For decades, access has served as a proxy for the mission of the community college, used to suggest a number of conditions: entry to a career or to further education; an opportunity for all classes and categories of people (notwithstanding the segregated condition of these institutions before the 1970s); and lack of barriers, including geographical and financial. Yet, while entry was conceived of and implied as equal for all, exit was not: Large numbers of students did not leave community colleges with the same outcomes as others, whether that was academic achievement or movement on to employment or to further education. By the 2000s, practitioners and policymakers began to understand that the open door of community colleges was a revolving door for many, and that student outcomes had to be more equal. This awareness and subsequent actions modified the mission of the community college to the extent that access was a term that was subordinated, and the primary term became “success.”

Yet, access did not disappear as a significant component of the community college’s principles. Access became more difficult for some in that those with potential for success took precedence in college behaviors. Success covered a large field of meaning, from the completion of a program (however long) and a certificate to the attainment of an associate’s or baccalaureate degree, as well as transfer to another higher education institution. Success did not cover those students who interacted with a community college for an English language course to be able to function in their community or to talk to their children’s school teachers; it did not cover those students who began a course of study but landed a full-time job and left college; and it did not refer to those students who learned a skill, such as arithmetic or writing, but were lifelong special needs students who would not move on to another level. Certainly, success did not refer to the psychosocial development of students who might be undergoing personal trauma or stress and who achieved some sort of peace amongst the faculty and students of a community college. Success was and continues to be a method of accounting: the measurement of student outcomes based upon a predetermined list of acceptable ends, such as credentials and advancement. Success does not even pertain to grades or learning, but rather to a form of material capital, which promises economic returns to individuals and political gains for legislators. In this sense, the community college can be viewed as a pathway for the acquisition of private goods: a credential that can be used for a job or a doorway to a university for a degree which leads to economic prosperity over a lifetime (e.g., the anticipated $1 million-$1.5 million). In this vein, success violates the democratic principles of the community college, and emphasizes winners and losers—those who have succeeded and those who have not.

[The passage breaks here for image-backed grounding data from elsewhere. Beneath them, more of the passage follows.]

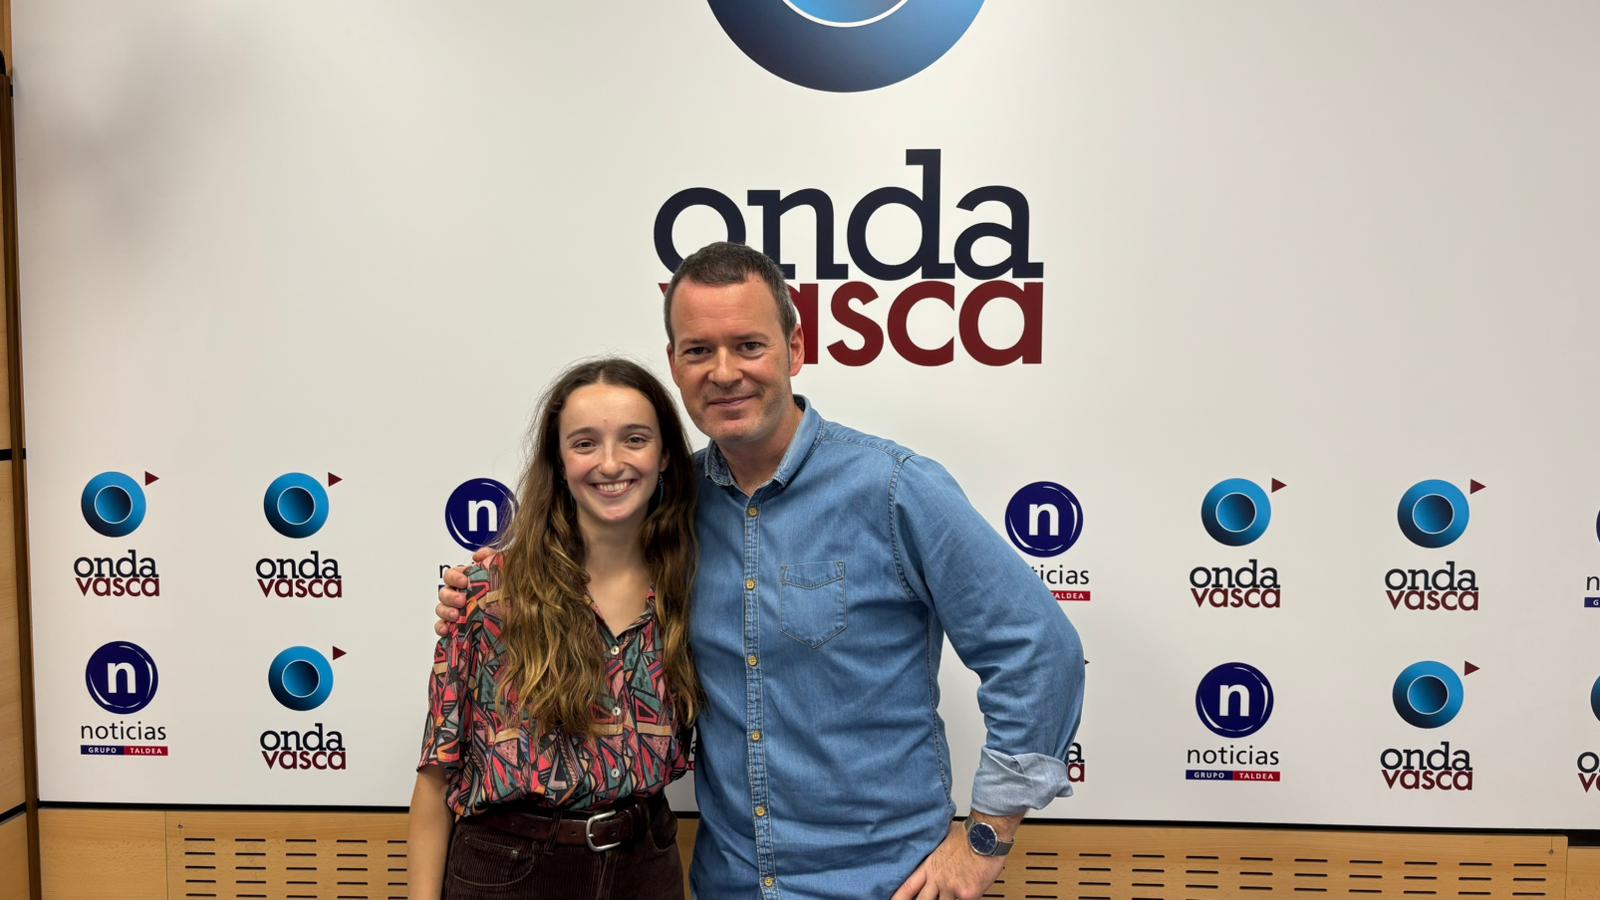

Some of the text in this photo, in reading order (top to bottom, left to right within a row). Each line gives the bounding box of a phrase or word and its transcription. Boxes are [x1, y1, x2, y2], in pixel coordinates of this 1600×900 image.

[653, 148, 1044, 281] onda
[658, 280, 1043, 367] sca
[468, 499, 498, 532] n
[1028, 503, 1059, 536] n
[74, 549, 159, 577] onda
[255, 550, 342, 579] onda
[1031, 564, 1089, 585] icias
[1190, 558, 1280, 588] onda
[1385, 561, 1478, 591] onda
[75, 577, 160, 597] vasca
[257, 579, 342, 598] vasca
[1051, 592, 1084, 600] ALDEA
[1190, 587, 1280, 609] vasca
[1385, 590, 1479, 611] vasca
[107, 662, 137, 694] n
[1219, 684, 1250, 717] n
[81, 720, 167, 741] noticias
[260, 723, 345, 751] onda
[261, 750, 346, 770] vasca
[1187, 744, 1279, 766] noticias
[1381, 741, 1473, 771] onda
[1193, 771, 1274, 780] GRUPO TALDEA
[1381, 769, 1473, 791] vasca
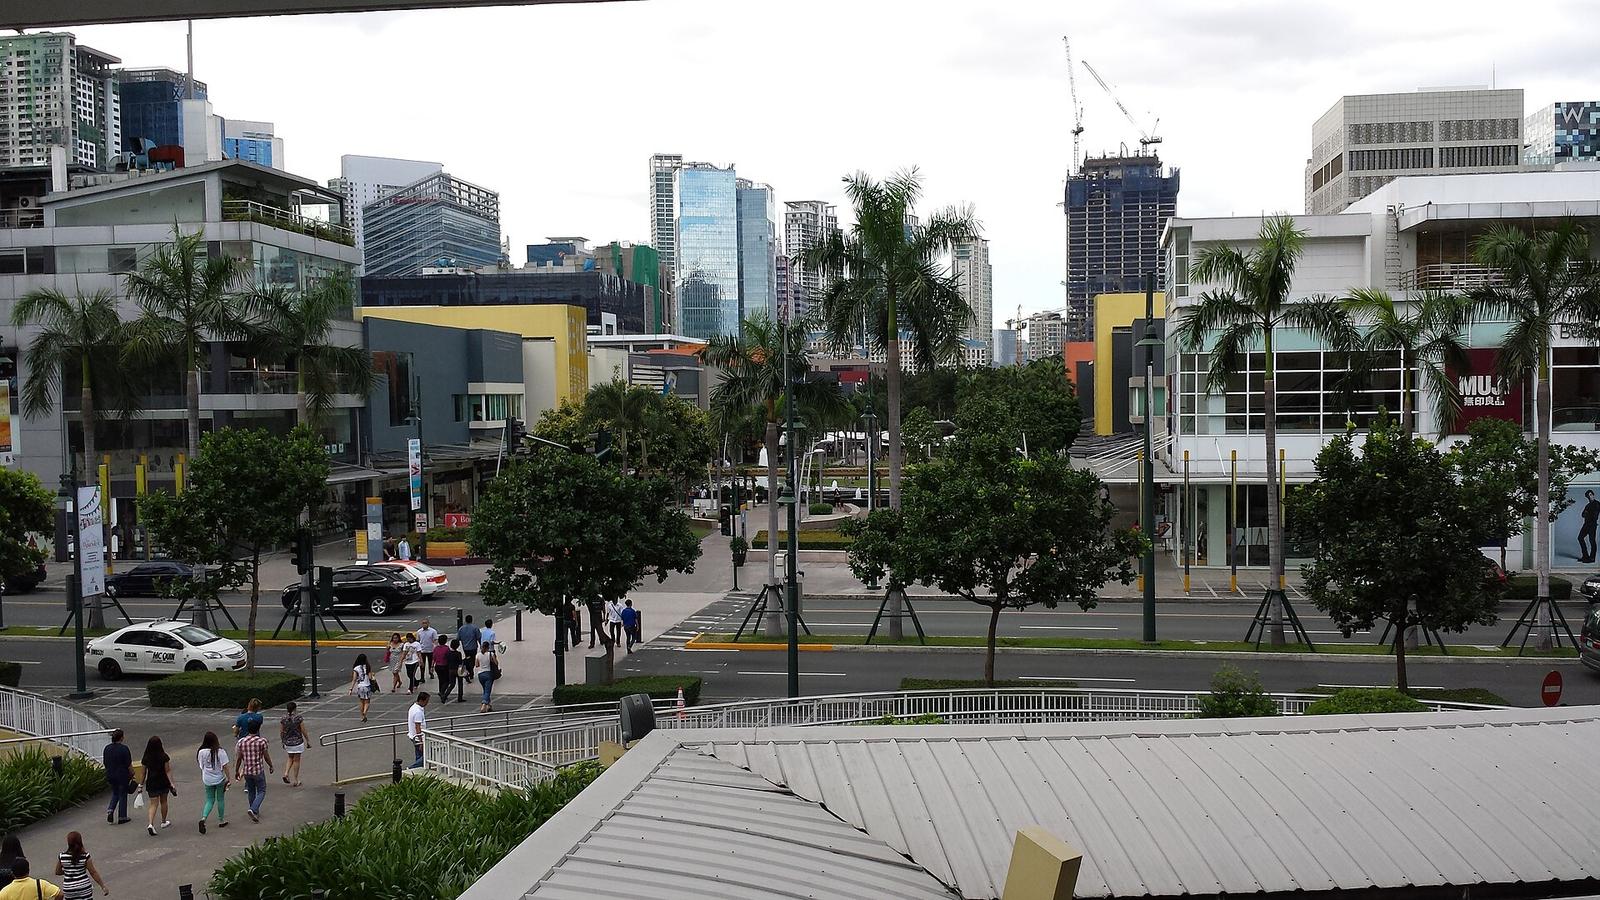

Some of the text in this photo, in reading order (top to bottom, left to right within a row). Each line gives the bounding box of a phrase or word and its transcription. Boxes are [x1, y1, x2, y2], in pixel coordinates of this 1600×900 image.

[1560, 107, 1585, 124] W
[1463, 395, 1505, 406] 無印良品

Capabilities Approach: The Development of Talent

Yet, there are other ways to understand equality of outcomes. One of these is the Capabilities Approach, developed initially by Nobel Laureate Amartya Sen and furthered in thought by philosopher Martha Nussbaum, among others. In brief, the Capabilities Approach, when applied to institutions such as community colleges, points to the outcomes for students based upon their opportunities and their achievements made possible through opportunities, which include their capacities. Thus, students from low socioeconomic backgrounds with financial stress are not the same as students from more privileged backgrounds: The two have differing capacities, at least when they enter college. The role of the institution, in this case the community college, is to enable individuals to achieve that which they are capable of achieving, or their potential. This view is not dissimilar to one proposed by Alexander Astin in the 1980s: The development of talent is the prime responsibility of a higher education institution.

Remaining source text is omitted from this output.